Task statement: Copy out the whole listing exactly as given. Skip the pictures.

** Input for this task follows **

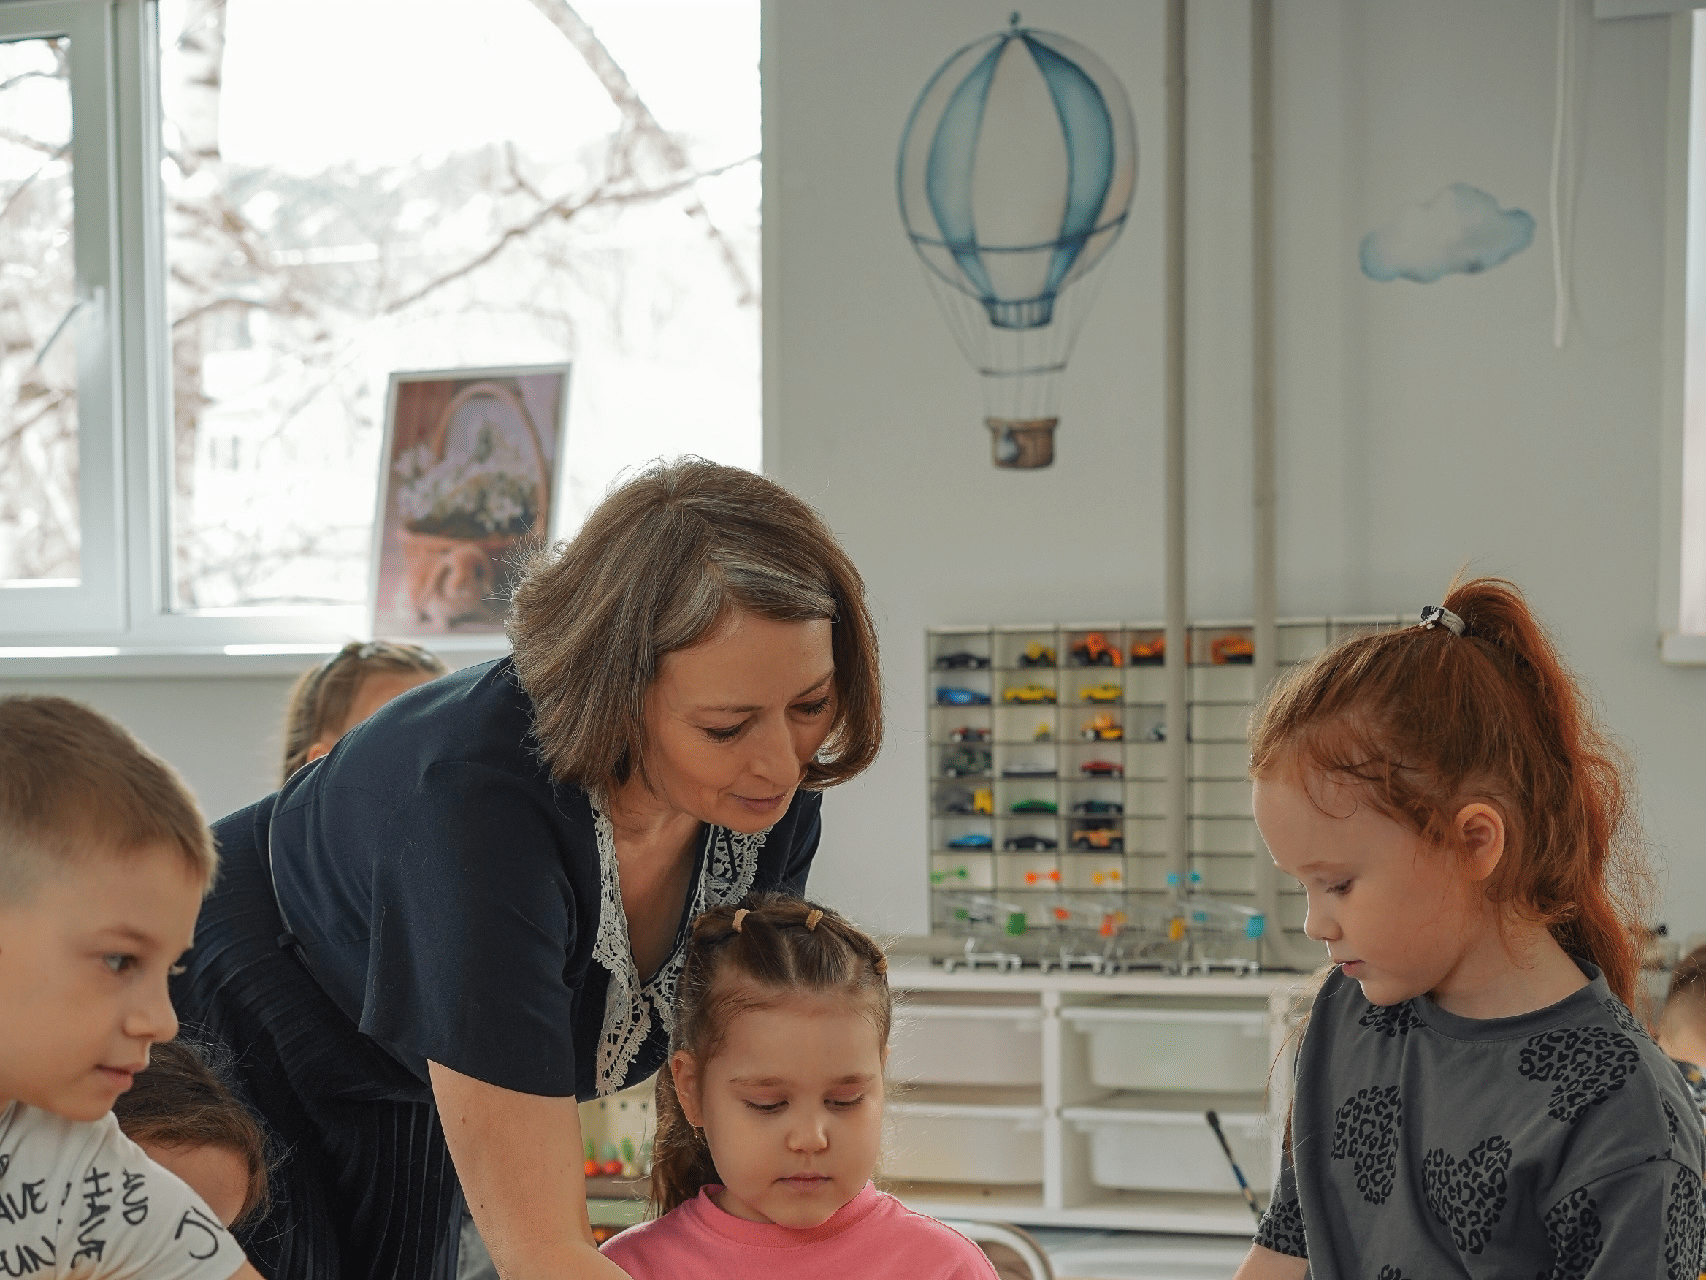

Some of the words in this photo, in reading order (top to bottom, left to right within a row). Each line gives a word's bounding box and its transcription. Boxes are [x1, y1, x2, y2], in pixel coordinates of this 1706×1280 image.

[0, 1178, 48, 1224] AVE
[71, 1167, 113, 1269] HAVE
[123, 1167, 149, 1226] AND
[0, 1235, 56, 1277] UN

** End of Input for this task **

Solution to the problem:
Some of the words in this photo, in reading order (top to bottom, left to right within a row). Each line gives a word's bounding box and its transcription. Boxes are [x1, y1, x2, y2], in pixel coordinates of this 1706×1280 image.

[0, 1178, 48, 1224] AVE
[71, 1167, 113, 1269] HAVE
[123, 1167, 149, 1226] AND
[0, 1235, 56, 1277] UN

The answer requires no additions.